• INSTRUCTIONS FOR THE TASK: When you transcribe the entries below, keep the wording exact and omit the pictures.

[Saved entries]
########
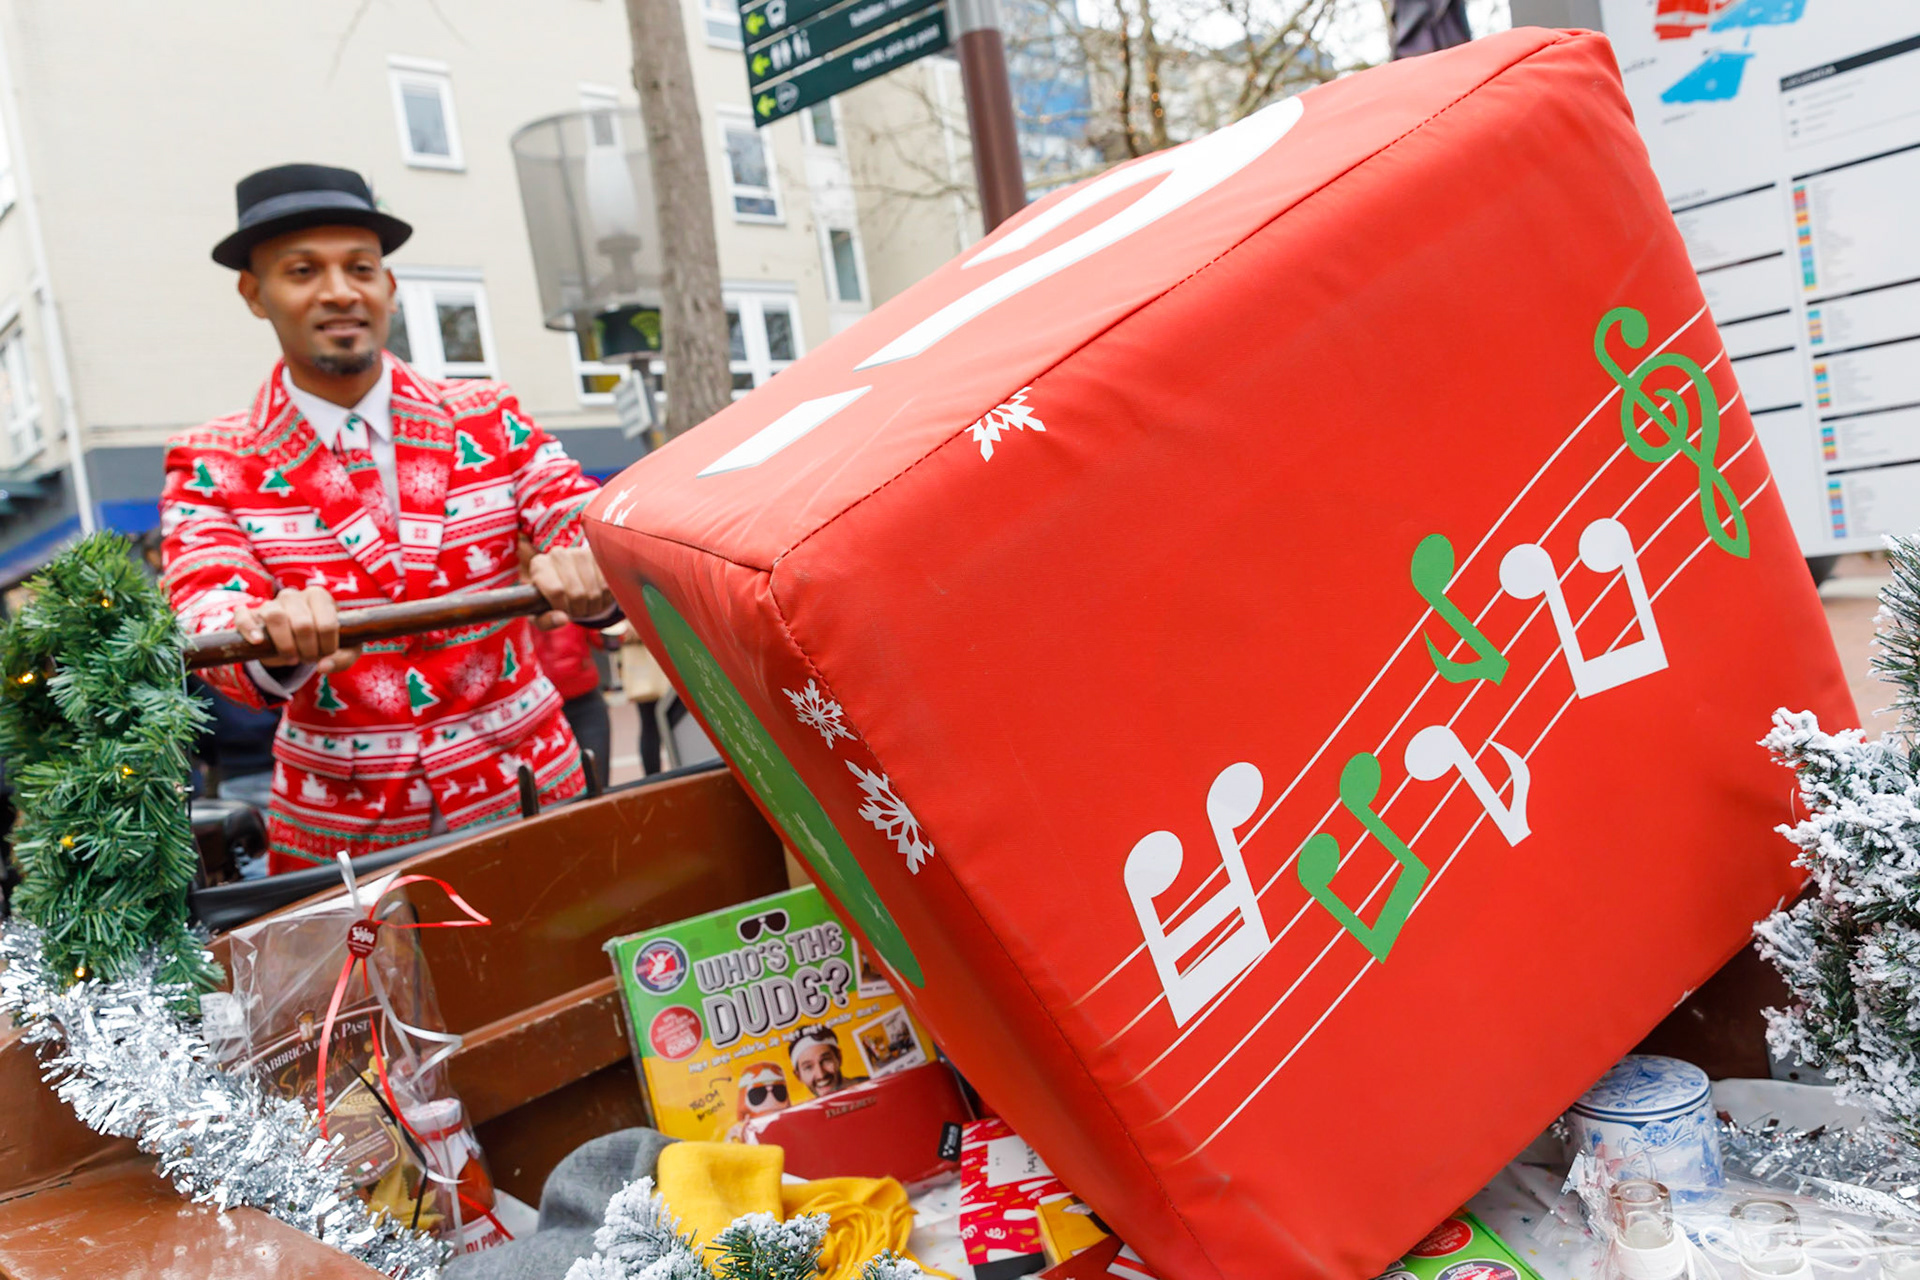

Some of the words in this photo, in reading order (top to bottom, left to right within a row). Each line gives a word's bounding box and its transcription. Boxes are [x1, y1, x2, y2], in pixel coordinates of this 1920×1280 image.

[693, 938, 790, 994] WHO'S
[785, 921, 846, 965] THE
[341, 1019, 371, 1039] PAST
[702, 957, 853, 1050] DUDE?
########
• SOLUTION BELOW:
Some of the words in this photo, in reading order (top to bottom, left to right within a row). Each line gives a word's bounding box and its transcription. Boxes are [x1, y1, x2, y2], in pixel coordinates of this 1920×1280 image.

[693, 938, 790, 994] WHO'S
[785, 921, 846, 965] THE
[341, 1019, 371, 1039] PAST
[702, 957, 853, 1050] DUDE?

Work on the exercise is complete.